Data in this exercise Start Marker
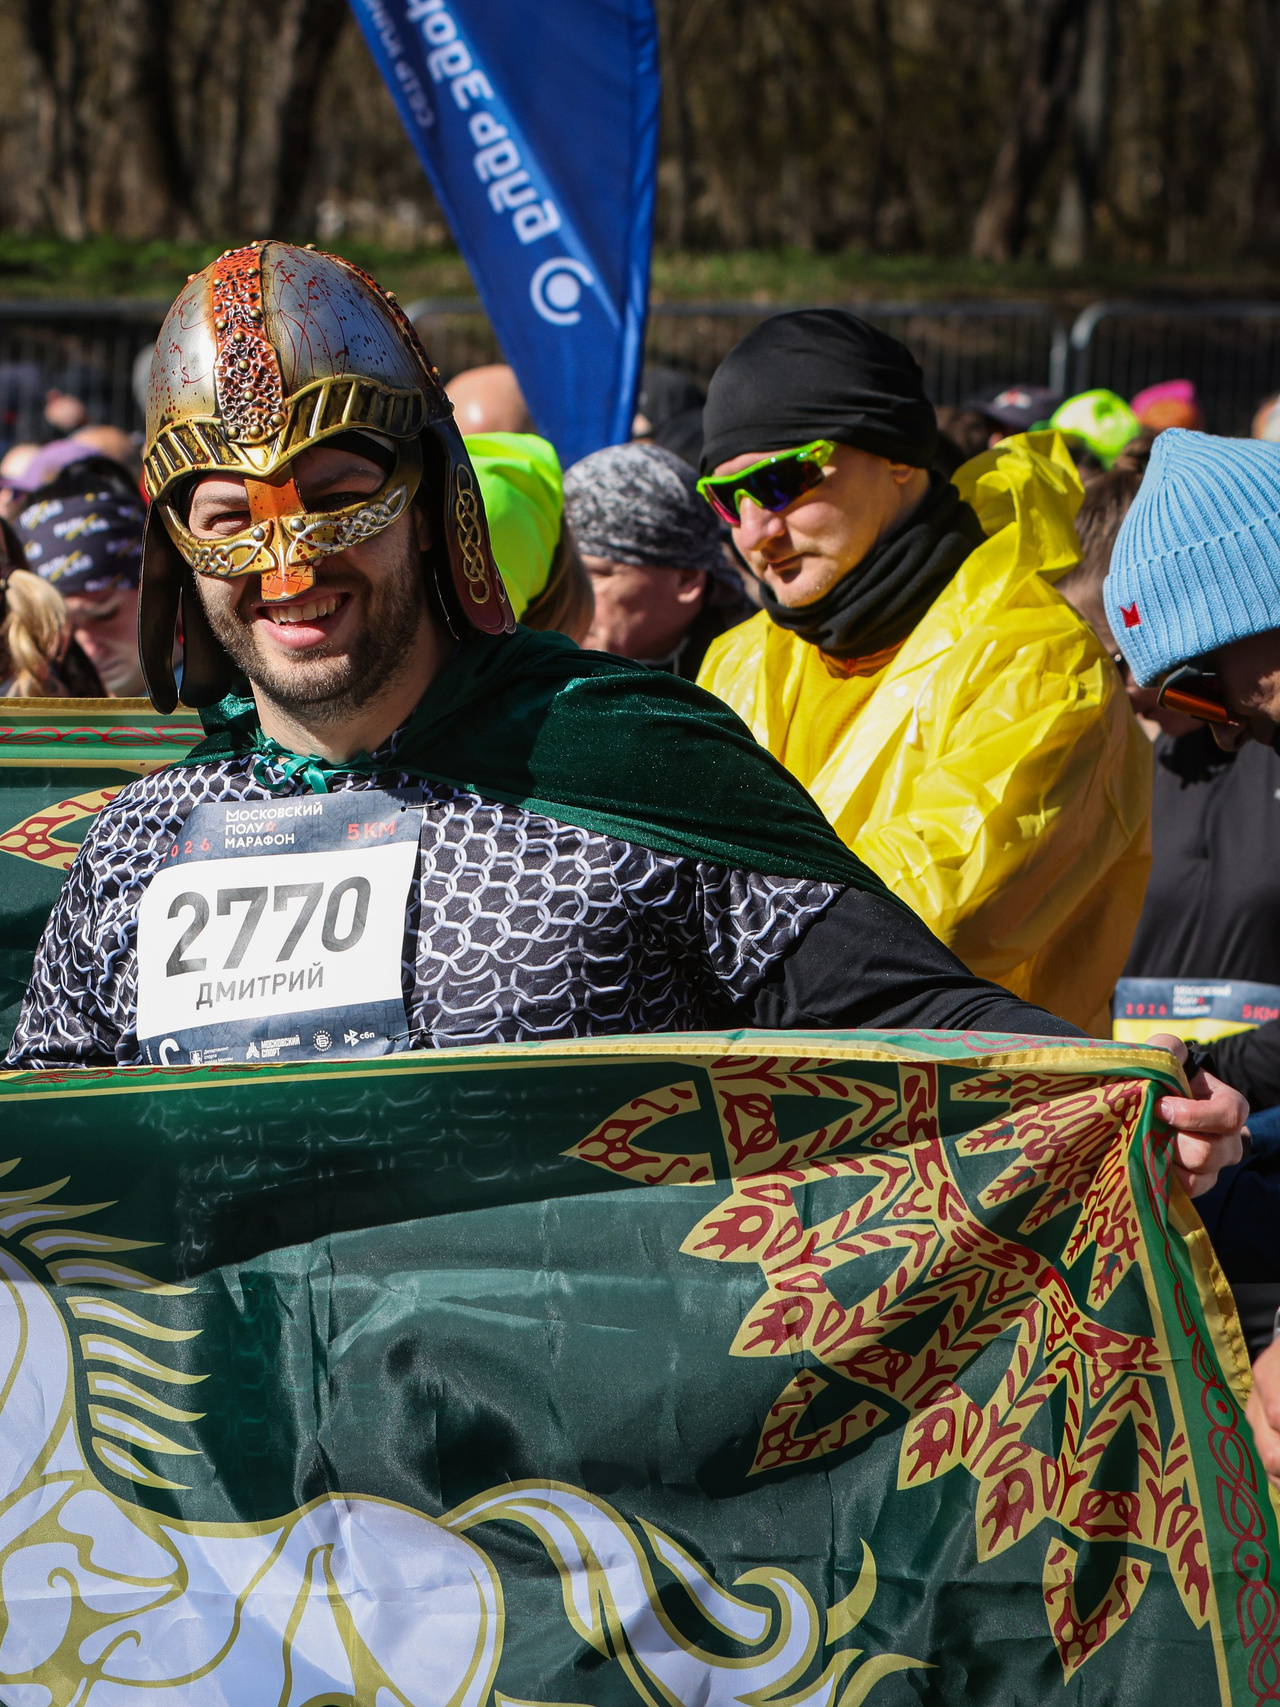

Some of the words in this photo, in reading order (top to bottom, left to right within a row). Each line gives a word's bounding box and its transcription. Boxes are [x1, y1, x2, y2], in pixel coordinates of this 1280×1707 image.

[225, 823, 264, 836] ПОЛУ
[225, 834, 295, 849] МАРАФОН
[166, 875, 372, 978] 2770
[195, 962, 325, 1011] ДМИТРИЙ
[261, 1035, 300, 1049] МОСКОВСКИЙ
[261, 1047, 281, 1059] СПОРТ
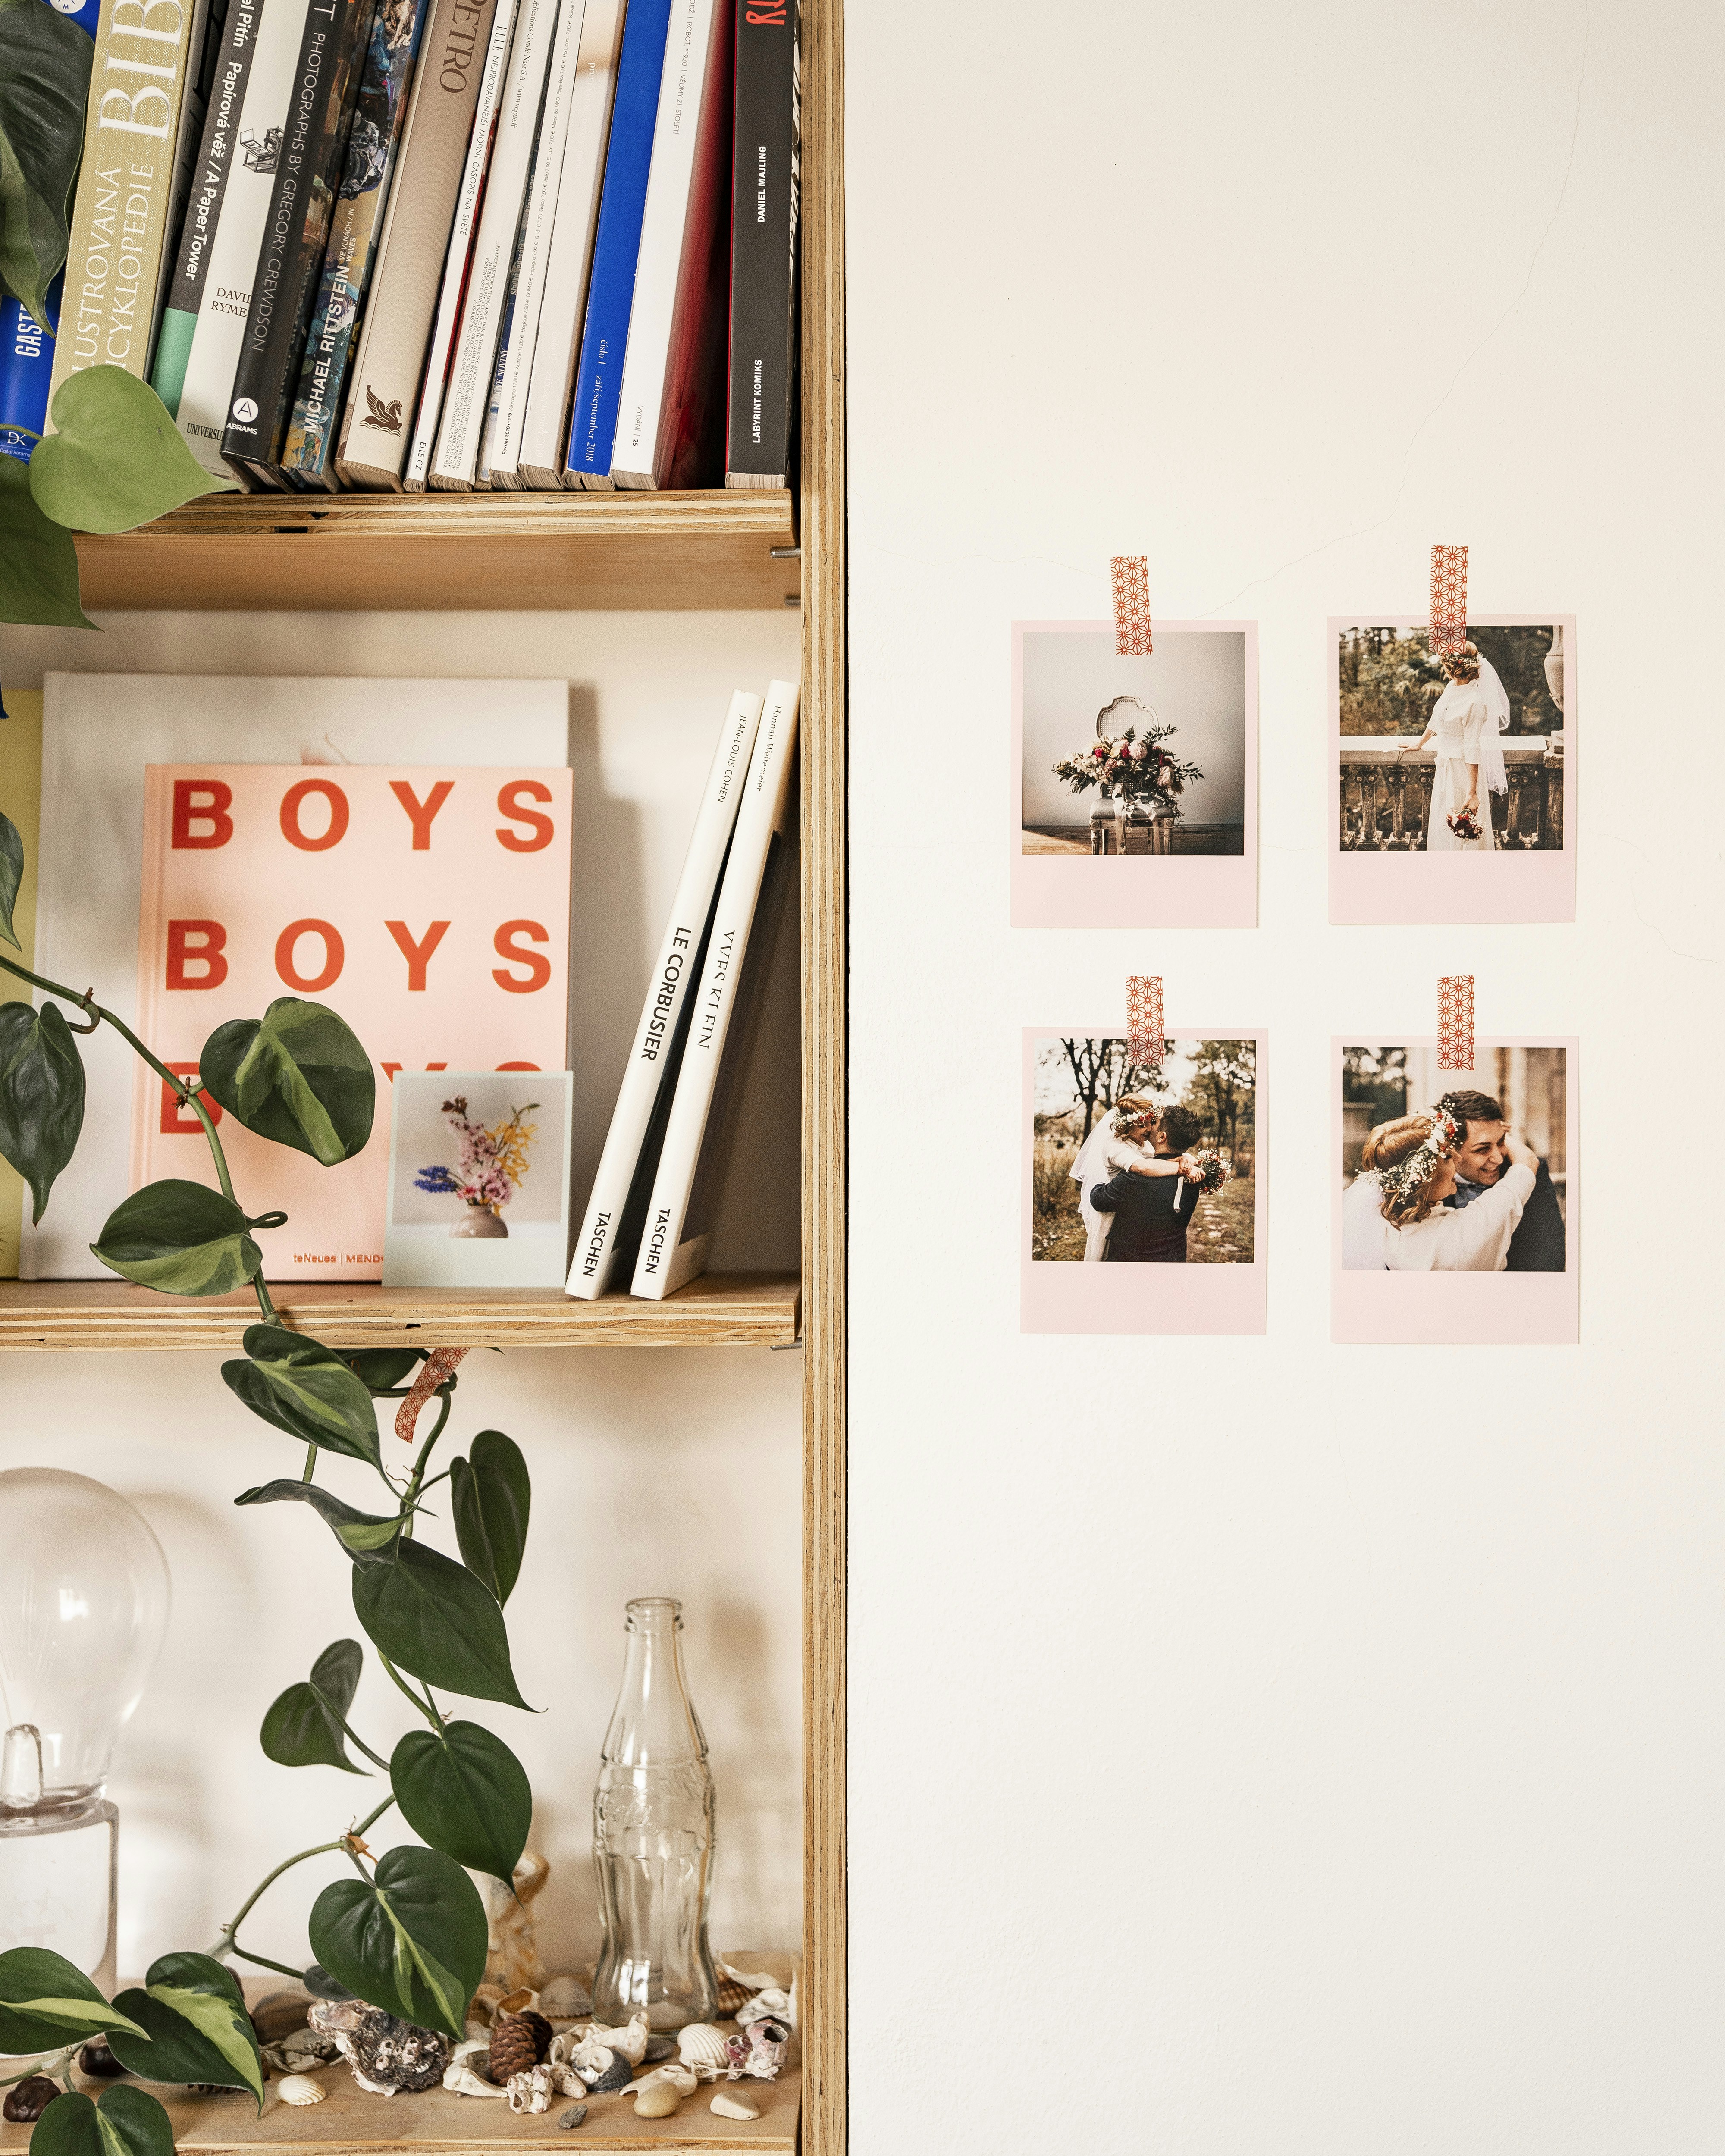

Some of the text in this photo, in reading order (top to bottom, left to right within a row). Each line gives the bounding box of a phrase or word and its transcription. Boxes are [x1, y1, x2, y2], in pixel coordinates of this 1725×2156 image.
Data in this exercise End Marker
▸ Exercise details
Word for word, output the whole listing, but not its pictures.

▸ Exercise response
Some of the words in this photo, in reading order (top to bottom, left to right within a row). Each line gives a word's bounding box and its transcription. Boxes are [x1, y1, x2, y2], in pixel coordinates of this 1280×1707 image.

[225, 823, 264, 836] ПОЛУ
[225, 834, 295, 849] МАРАФОН
[166, 875, 372, 978] 2770
[195, 962, 325, 1011] ДМИТРИЙ
[261, 1035, 300, 1049] МОСКОВСКИЙ
[261, 1047, 281, 1059] СПОРТ

Some of the text in this photo, in reading order (top to bottom, left to right within a row). Each line gives the bounding box of a phrase or word and its transcription. Boxes are [x1, y1, x2, y2], in pixel coordinates of this 1725×2156 image.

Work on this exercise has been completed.